• **PROBLEM TO WORK ON**: Among the records below, the line containing "this 1890×1260 image." marks the start. Output it and all lines after it exactly.

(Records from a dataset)

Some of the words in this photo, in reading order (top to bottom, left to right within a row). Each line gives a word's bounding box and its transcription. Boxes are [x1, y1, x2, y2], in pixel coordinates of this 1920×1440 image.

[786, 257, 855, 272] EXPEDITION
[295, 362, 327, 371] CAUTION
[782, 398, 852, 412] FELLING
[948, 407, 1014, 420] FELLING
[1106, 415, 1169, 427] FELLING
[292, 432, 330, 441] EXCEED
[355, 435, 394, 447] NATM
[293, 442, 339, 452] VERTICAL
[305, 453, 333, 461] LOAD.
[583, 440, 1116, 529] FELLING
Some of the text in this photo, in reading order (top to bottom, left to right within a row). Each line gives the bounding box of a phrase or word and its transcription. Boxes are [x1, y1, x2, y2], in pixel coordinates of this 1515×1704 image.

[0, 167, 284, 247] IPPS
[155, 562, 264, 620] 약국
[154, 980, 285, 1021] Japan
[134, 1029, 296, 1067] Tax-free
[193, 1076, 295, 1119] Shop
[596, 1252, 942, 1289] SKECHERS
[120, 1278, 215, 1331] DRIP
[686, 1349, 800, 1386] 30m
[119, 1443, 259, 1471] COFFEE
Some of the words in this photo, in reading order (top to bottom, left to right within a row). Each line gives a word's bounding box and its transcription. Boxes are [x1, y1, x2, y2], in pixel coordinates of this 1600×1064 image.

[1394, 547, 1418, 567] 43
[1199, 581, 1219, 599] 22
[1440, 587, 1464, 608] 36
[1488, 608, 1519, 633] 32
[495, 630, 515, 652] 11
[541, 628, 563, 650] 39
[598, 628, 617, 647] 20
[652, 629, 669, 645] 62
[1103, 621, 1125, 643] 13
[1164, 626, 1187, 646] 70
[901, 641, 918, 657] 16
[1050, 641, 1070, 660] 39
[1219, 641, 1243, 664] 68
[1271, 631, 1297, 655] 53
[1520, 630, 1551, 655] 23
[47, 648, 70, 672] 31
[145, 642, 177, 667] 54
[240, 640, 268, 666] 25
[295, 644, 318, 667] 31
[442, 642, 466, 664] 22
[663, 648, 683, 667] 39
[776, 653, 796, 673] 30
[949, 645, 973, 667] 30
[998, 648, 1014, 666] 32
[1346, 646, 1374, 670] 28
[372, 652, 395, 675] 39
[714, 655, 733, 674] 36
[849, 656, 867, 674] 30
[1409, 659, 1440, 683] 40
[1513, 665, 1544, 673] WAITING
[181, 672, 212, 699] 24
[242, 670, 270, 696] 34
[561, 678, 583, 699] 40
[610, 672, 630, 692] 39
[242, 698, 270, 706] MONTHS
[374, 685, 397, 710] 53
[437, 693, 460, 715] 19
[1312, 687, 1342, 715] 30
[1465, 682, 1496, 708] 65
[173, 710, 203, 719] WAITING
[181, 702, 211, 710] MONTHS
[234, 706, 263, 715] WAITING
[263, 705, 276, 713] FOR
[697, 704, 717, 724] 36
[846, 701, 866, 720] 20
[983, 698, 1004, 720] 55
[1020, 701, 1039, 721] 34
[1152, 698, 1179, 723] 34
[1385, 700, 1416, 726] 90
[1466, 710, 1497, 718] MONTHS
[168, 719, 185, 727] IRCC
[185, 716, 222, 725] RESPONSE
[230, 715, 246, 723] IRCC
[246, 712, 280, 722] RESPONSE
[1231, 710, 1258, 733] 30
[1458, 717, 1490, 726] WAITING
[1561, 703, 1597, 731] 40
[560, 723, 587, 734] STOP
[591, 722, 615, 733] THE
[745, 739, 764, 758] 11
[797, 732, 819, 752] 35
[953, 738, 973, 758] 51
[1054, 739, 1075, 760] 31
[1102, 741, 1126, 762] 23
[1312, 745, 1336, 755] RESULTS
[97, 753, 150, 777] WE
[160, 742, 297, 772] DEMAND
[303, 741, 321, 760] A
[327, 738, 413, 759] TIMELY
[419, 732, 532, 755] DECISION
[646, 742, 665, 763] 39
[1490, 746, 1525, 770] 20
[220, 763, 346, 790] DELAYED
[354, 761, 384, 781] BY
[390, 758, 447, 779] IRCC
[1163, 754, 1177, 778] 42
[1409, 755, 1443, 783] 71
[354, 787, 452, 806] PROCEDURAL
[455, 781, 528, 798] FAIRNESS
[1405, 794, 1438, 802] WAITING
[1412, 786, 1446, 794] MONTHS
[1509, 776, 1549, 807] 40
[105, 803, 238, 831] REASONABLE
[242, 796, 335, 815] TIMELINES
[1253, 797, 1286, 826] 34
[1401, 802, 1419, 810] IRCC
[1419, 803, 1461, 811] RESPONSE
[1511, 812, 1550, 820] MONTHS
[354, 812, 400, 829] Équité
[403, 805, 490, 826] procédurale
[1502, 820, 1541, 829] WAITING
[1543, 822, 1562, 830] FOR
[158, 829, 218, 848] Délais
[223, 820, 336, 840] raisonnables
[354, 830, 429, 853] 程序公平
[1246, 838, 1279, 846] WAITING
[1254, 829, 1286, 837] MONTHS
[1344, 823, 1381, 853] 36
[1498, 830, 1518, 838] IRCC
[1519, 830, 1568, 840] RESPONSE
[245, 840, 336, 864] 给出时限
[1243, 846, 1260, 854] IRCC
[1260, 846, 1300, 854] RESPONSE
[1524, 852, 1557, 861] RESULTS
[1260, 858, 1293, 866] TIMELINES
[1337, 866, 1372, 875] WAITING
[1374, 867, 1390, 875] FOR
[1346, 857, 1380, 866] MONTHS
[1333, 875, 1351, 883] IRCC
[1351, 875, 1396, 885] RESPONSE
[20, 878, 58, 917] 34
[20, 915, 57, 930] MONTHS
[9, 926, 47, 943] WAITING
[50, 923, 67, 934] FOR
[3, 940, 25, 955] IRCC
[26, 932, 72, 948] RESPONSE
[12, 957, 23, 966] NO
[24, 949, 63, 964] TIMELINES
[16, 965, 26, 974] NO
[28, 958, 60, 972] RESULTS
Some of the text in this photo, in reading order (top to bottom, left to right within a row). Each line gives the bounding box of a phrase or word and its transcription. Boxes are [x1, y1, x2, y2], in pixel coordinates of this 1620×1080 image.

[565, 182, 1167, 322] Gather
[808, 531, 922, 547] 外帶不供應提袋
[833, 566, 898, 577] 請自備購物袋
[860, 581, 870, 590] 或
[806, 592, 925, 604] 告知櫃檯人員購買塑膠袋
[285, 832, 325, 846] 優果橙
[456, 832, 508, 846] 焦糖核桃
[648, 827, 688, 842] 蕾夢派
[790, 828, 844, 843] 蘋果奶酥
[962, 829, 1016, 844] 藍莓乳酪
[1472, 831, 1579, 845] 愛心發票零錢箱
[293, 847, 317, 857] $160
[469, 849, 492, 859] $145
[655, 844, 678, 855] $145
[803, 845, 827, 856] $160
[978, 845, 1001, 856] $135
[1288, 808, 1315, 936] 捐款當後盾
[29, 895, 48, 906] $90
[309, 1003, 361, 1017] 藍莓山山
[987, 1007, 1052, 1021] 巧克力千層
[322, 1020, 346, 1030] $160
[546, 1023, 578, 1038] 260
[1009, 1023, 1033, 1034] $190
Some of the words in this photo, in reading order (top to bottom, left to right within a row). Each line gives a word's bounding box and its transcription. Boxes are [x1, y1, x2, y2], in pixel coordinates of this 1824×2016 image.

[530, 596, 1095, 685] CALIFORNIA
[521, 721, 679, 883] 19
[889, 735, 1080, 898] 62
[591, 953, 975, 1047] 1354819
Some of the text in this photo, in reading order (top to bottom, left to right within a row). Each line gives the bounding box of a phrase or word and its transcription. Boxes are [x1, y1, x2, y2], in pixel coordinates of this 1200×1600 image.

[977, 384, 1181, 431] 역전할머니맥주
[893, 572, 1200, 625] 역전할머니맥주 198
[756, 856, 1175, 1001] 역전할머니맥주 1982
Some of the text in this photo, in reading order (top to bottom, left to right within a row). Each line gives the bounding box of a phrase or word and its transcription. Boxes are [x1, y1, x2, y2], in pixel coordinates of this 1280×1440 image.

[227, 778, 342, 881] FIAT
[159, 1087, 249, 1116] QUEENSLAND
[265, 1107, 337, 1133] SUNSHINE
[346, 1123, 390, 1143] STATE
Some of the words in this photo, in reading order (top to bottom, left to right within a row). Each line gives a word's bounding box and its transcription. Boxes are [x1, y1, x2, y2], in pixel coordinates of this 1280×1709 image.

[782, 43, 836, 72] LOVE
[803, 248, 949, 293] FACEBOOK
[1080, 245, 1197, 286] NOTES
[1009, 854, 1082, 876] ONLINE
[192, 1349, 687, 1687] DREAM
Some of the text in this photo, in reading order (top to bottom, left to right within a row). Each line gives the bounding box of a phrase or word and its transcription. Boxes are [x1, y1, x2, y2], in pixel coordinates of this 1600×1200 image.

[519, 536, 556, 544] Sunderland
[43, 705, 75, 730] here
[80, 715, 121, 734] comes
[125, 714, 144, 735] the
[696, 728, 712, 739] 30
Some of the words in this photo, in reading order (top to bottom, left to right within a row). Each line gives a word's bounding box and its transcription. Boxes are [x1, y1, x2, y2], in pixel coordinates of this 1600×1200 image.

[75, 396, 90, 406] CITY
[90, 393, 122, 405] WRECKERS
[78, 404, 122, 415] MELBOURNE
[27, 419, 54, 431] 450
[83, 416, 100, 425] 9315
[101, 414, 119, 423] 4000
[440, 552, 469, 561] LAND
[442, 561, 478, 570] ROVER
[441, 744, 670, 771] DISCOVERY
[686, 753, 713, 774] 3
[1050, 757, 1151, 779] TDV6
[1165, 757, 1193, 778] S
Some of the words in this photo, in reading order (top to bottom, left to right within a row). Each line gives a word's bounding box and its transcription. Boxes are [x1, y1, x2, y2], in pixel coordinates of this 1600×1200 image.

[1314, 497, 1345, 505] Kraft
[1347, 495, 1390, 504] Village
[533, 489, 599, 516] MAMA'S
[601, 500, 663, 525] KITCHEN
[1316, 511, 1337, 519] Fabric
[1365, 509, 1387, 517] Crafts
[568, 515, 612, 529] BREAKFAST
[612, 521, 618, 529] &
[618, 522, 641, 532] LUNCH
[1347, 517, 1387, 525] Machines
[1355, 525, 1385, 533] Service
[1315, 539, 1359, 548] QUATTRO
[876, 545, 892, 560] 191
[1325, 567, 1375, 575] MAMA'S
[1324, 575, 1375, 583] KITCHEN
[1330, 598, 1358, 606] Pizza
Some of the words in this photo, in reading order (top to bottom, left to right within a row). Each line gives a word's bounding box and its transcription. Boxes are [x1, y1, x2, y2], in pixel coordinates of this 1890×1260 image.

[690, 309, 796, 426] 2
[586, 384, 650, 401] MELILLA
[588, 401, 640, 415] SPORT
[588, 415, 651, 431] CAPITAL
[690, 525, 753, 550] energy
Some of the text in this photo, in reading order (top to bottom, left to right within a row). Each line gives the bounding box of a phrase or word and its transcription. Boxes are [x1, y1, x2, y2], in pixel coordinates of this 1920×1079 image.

• **RESPONSE BELOW**:
Some of the words in this photo, in reading order (top to bottom, left to right within a row). Each line gives a word's bounding box and its transcription. Boxes are [x1, y1, x2, y2], in pixel coordinates of this 1890×1260 image.

[690, 309, 796, 426] 2
[586, 384, 650, 401] MELILLA
[588, 401, 640, 415] SPORT
[588, 415, 651, 431] CAPITAL
[690, 525, 753, 550] energy
Some of the text in this photo, in reading order (top to bottom, left to right within a row). Each line gives the bounding box of a phrase or word and its transcription. Boxes are [x1, y1, x2, y2], in pixel coordinates of this 1920×1079 image.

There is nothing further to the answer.